• _Aim of the exercise_
Exactly as written, return all the data, leaving its pictures behind.

═══ Records for the task

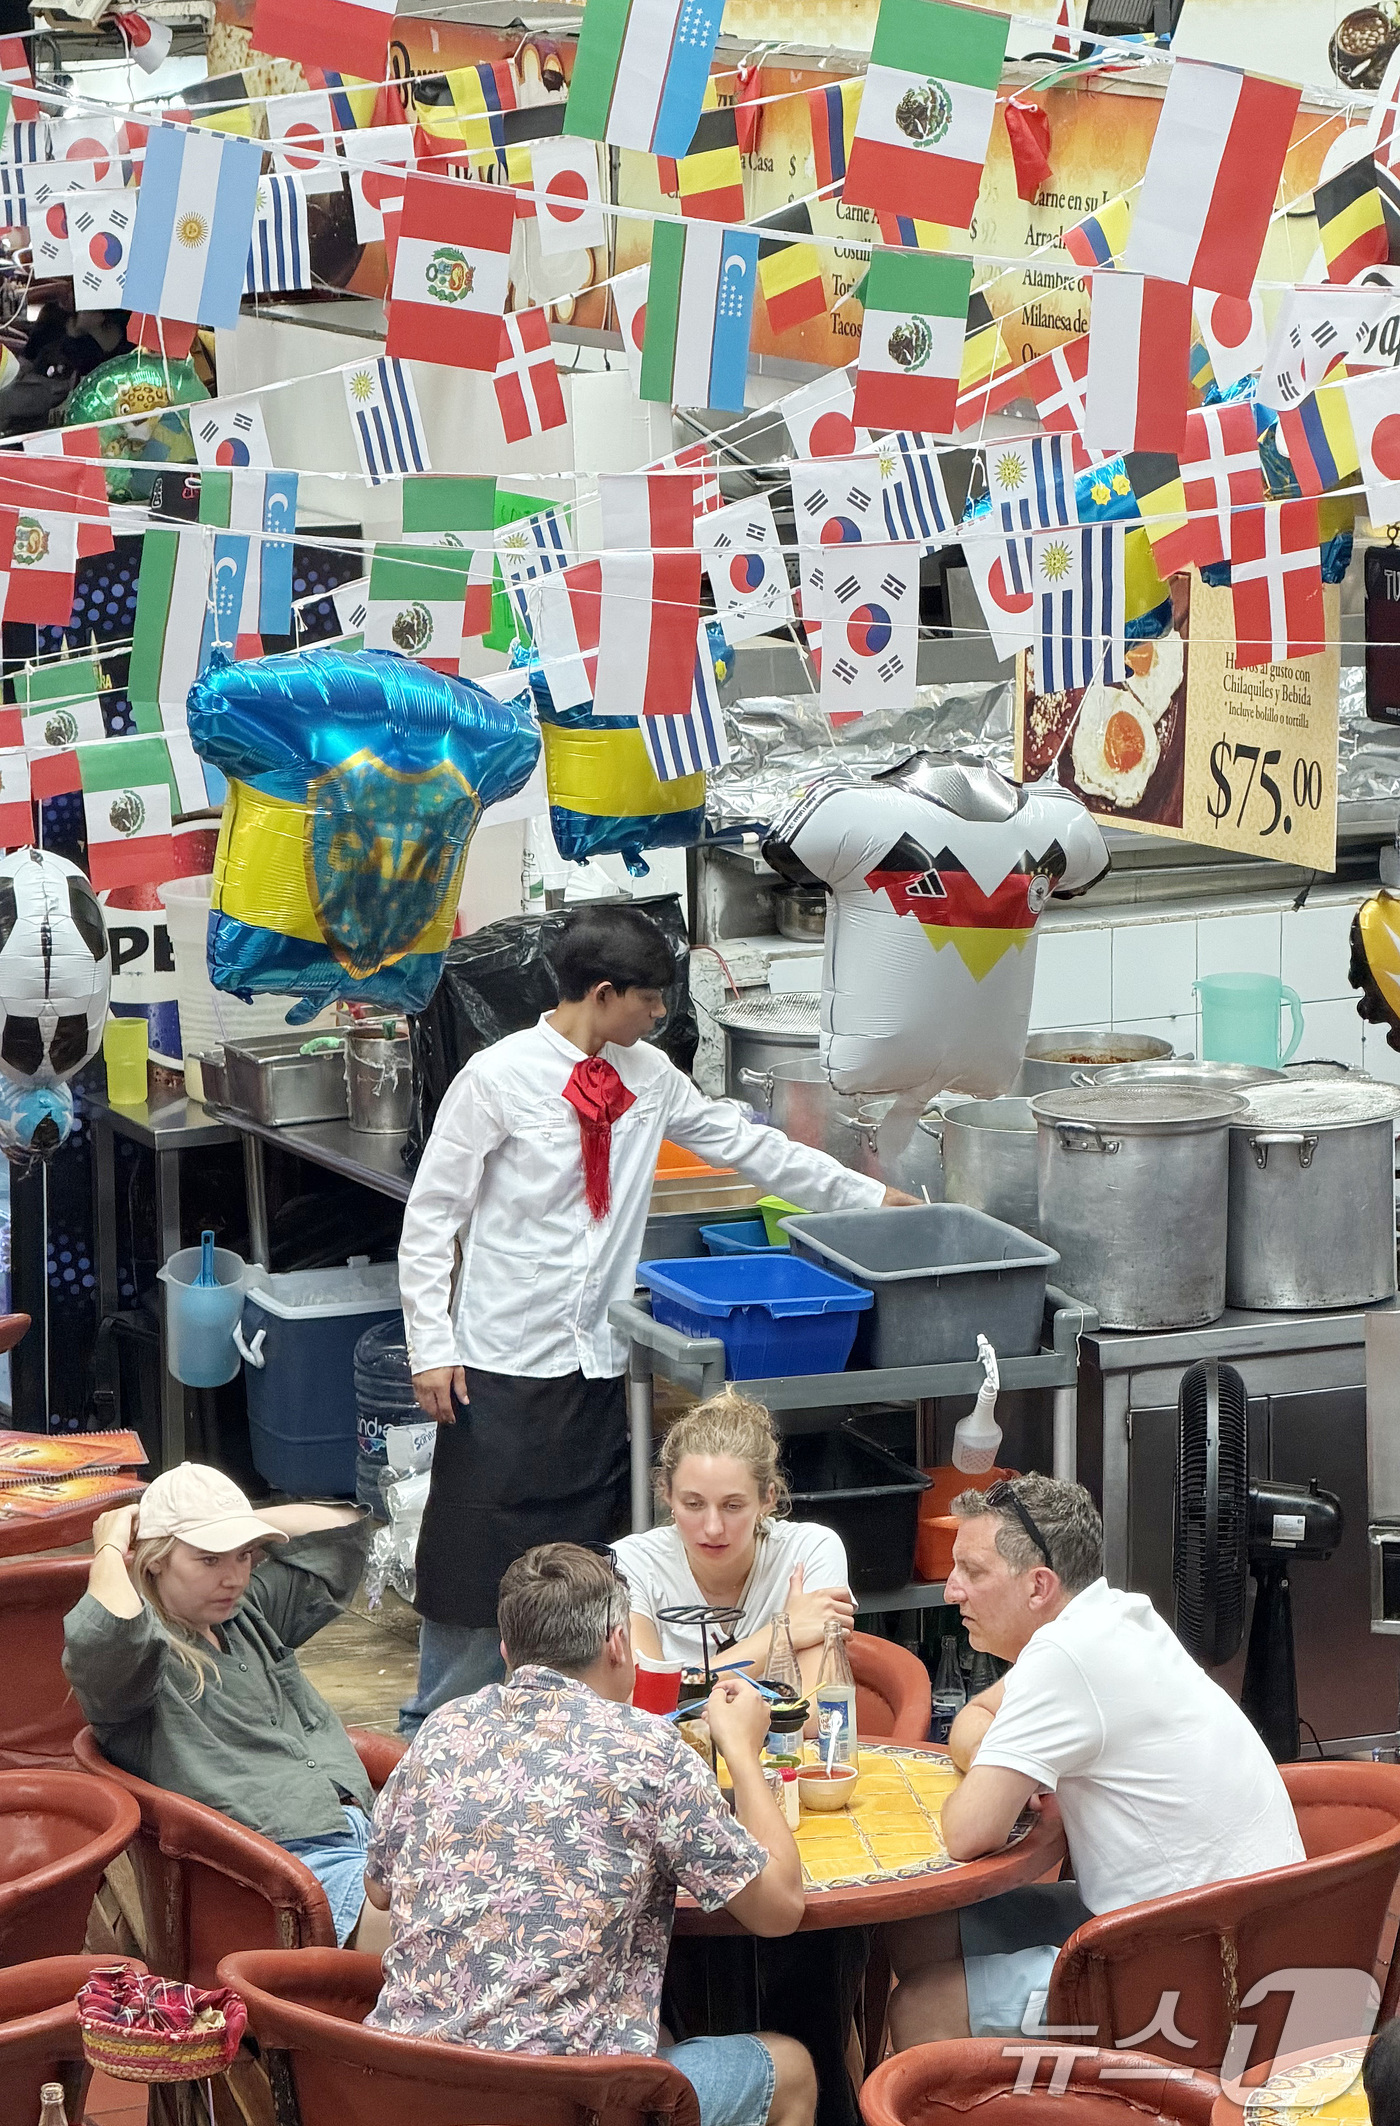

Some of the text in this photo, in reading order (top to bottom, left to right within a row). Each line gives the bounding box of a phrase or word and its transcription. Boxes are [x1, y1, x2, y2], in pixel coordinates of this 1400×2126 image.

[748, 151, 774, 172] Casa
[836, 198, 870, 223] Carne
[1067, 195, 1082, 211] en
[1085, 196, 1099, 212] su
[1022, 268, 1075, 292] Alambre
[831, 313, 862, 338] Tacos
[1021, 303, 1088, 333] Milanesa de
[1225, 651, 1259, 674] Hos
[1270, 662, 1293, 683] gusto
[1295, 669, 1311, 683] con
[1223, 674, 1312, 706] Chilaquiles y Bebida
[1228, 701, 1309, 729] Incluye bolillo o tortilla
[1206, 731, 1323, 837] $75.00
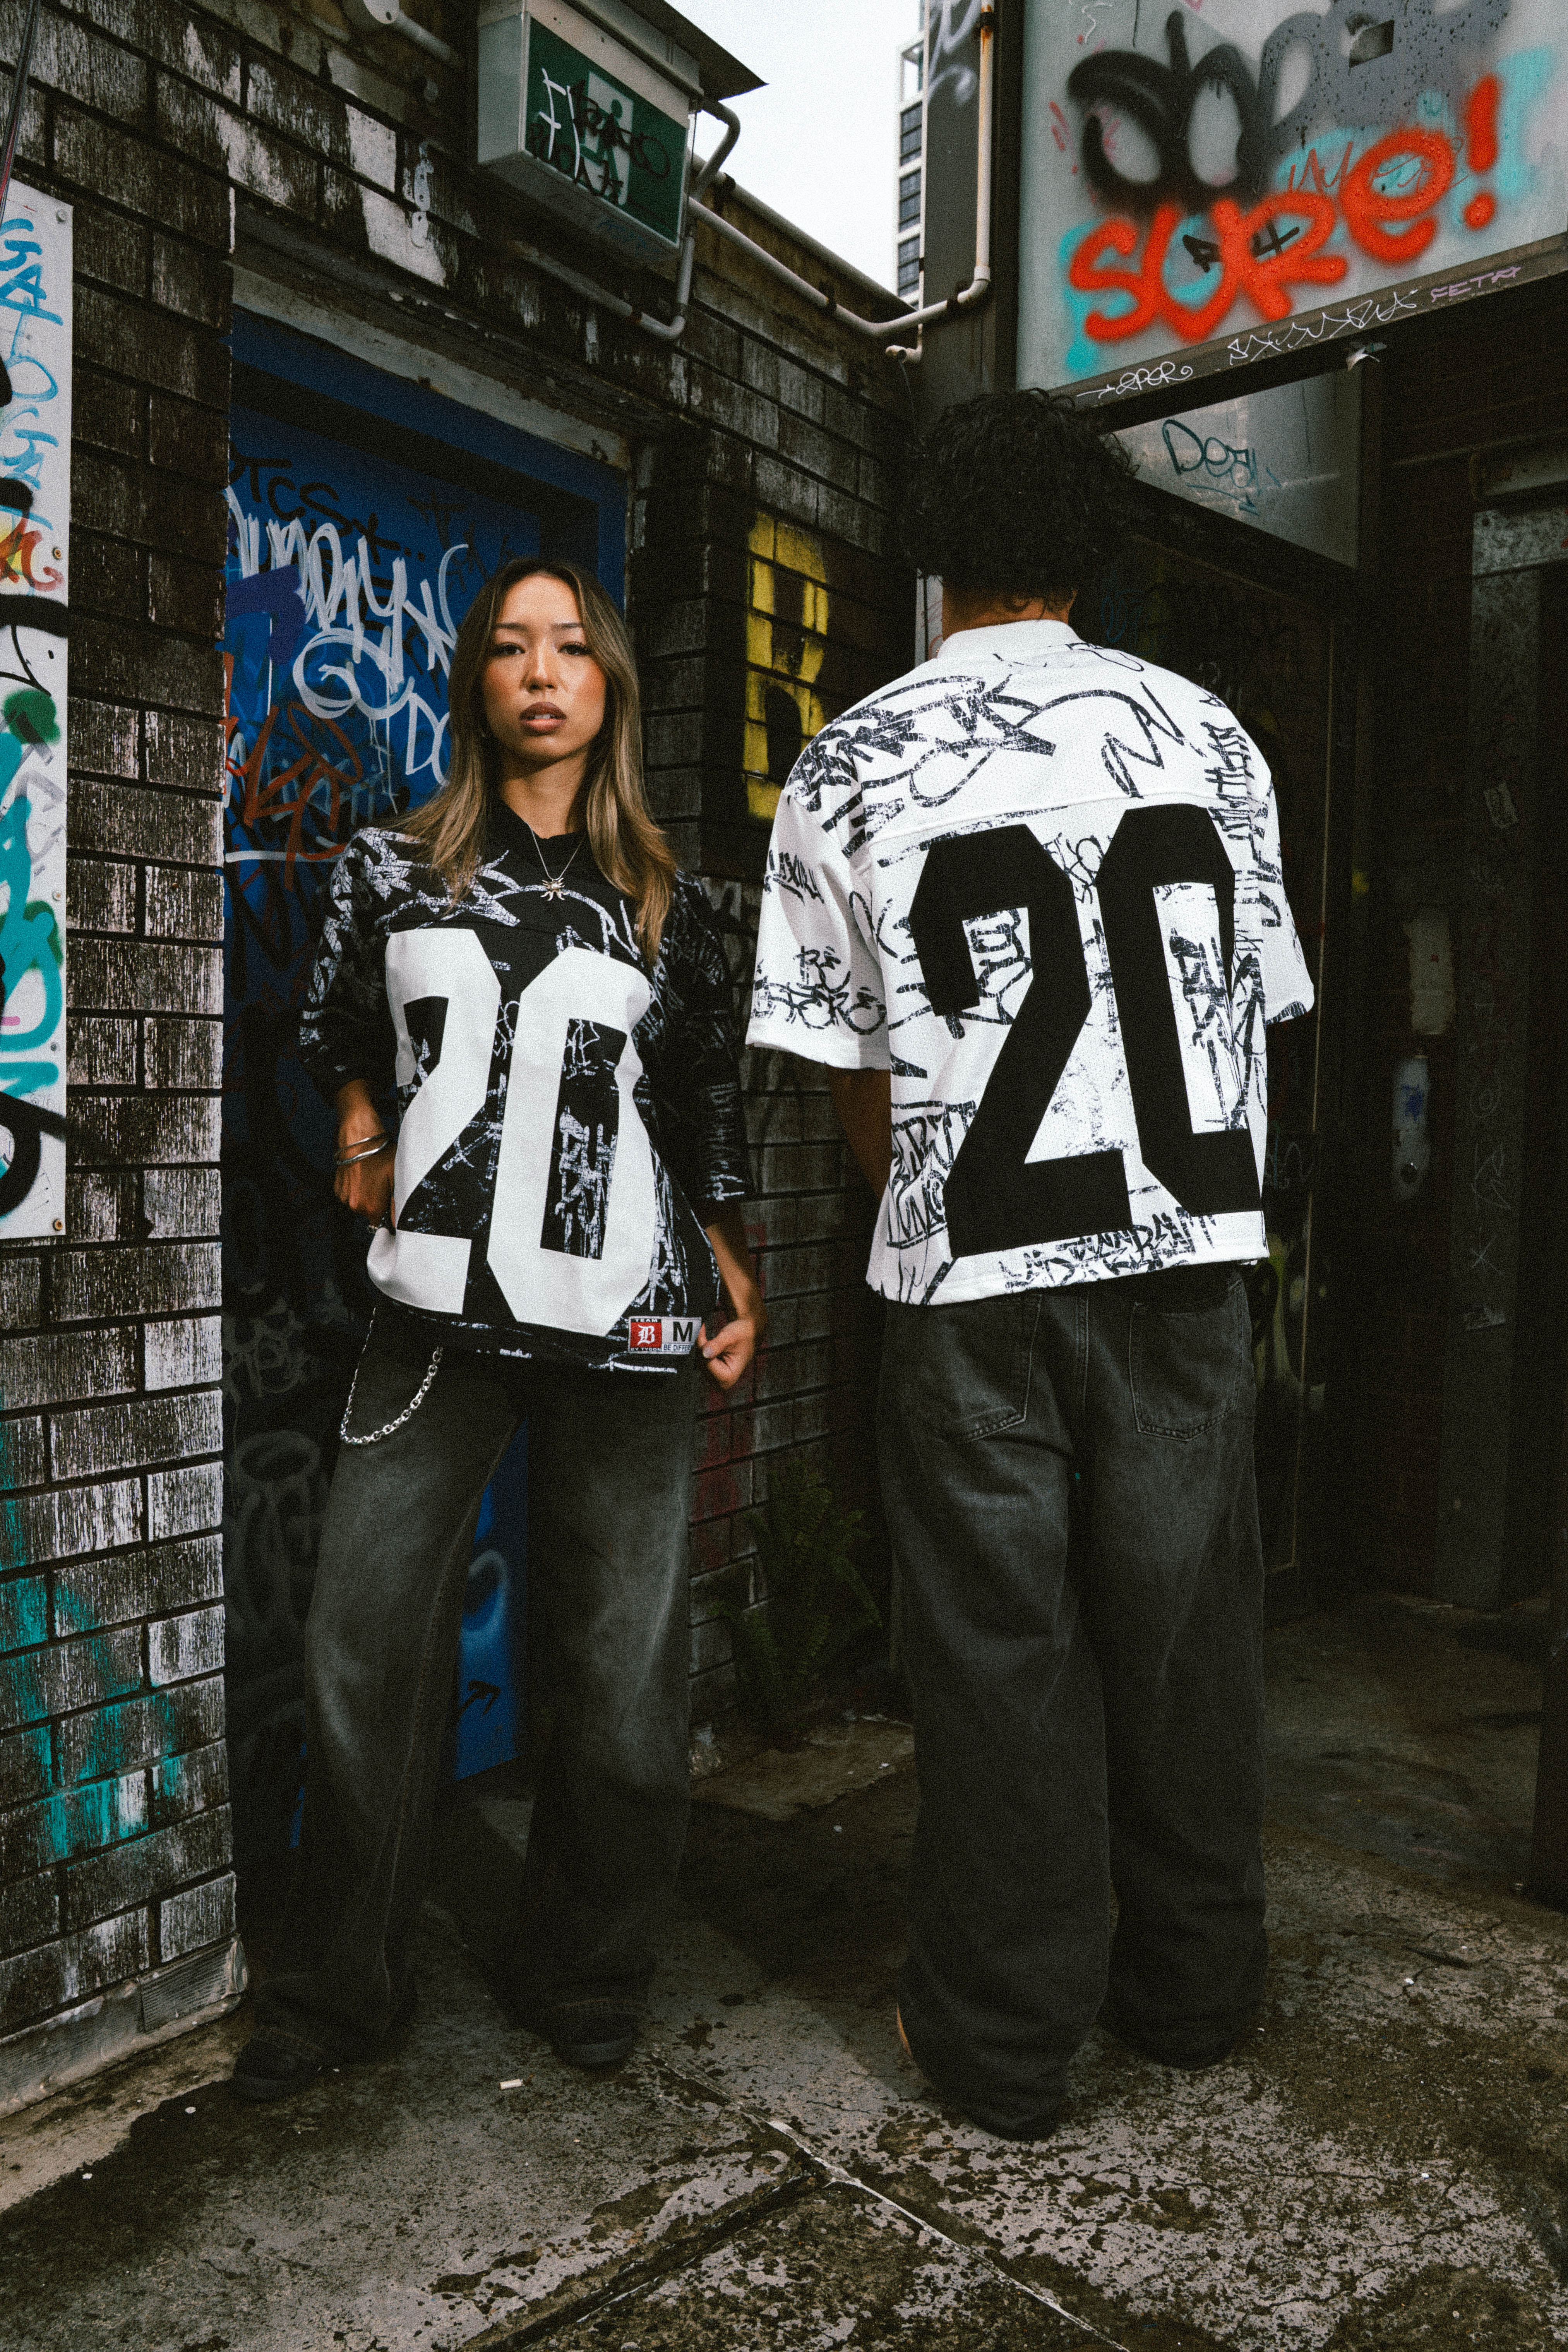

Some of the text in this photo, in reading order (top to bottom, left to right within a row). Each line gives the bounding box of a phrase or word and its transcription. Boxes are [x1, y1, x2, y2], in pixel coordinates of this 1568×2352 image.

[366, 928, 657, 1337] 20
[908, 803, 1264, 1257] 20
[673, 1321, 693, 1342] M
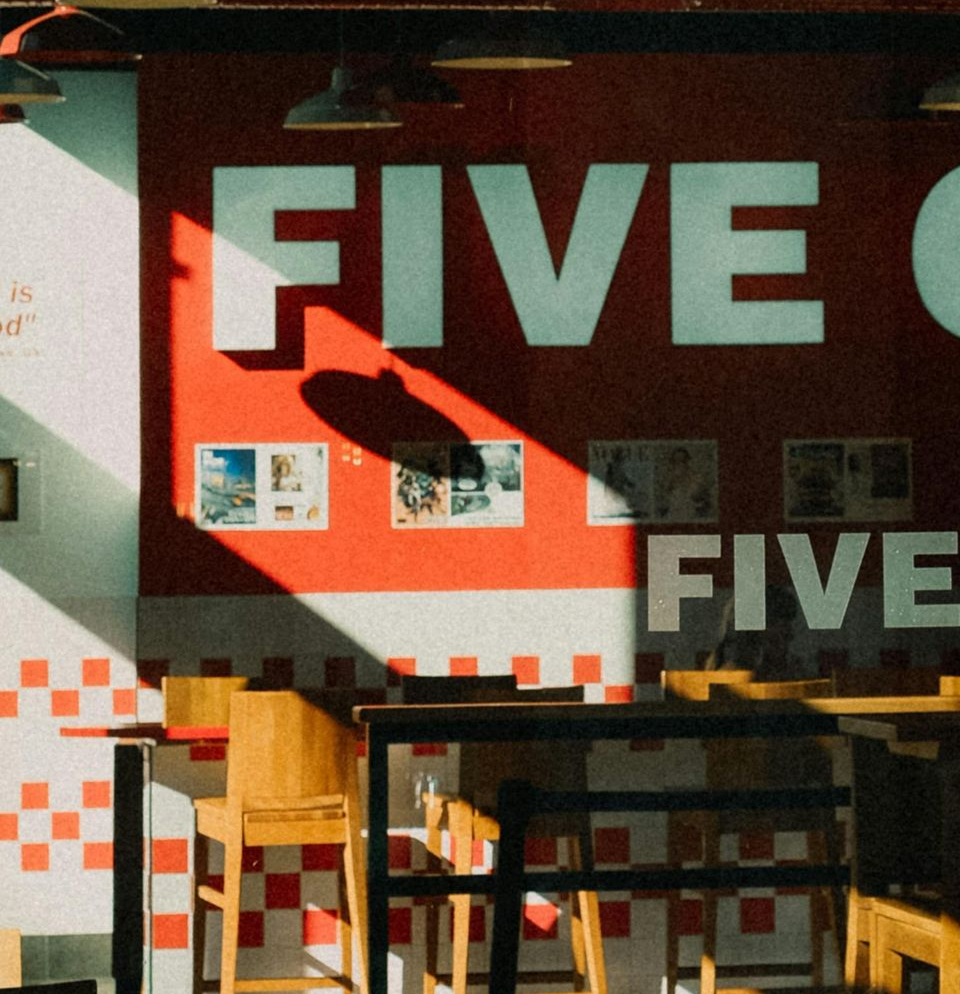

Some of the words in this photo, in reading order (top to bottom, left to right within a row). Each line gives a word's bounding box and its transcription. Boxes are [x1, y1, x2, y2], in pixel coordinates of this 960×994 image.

══════

• _Exercise result_
Some of the text in this photo, in reading order (top to bottom, left to right within a row). Each line gives the bounding box of a phrase or word and its transcription. Boxes are [x1, y1, x2, y2], in pixel coordinates of this 1400×2126 image.

[748, 151, 774, 172] Casa
[836, 198, 870, 223] Carne
[1067, 195, 1082, 211] en
[1085, 196, 1099, 212] su
[1022, 268, 1075, 292] Alambre
[831, 313, 862, 338] Tacos
[1021, 303, 1088, 333] Milanesa de
[1225, 651, 1259, 674] Hos
[1270, 662, 1293, 683] gusto
[1295, 669, 1311, 683] con
[1223, 674, 1312, 706] Chilaquiles y Bebida
[1228, 701, 1309, 729] Incluye bolillo o tortilla
[1206, 731, 1323, 837] $75.00

Some of the text in this photo, in reading order (top to bottom, left to right within a row). Each line gives the bounding box of a phrase or word and its transcription. Boxes are [x1, y1, x2, y2], in pixel coordinates of this 1568×2352 image.

[366, 928, 657, 1337] 20
[908, 803, 1264, 1257] 20
[673, 1321, 693, 1342] M

Some of the words in this photo, in reading order (top to bottom, left to right within a row). Each line gives a word's bounding box and its transcription. Boxes are [x1, y1, x2, y2], in pixel coordinates of this 960×994 image.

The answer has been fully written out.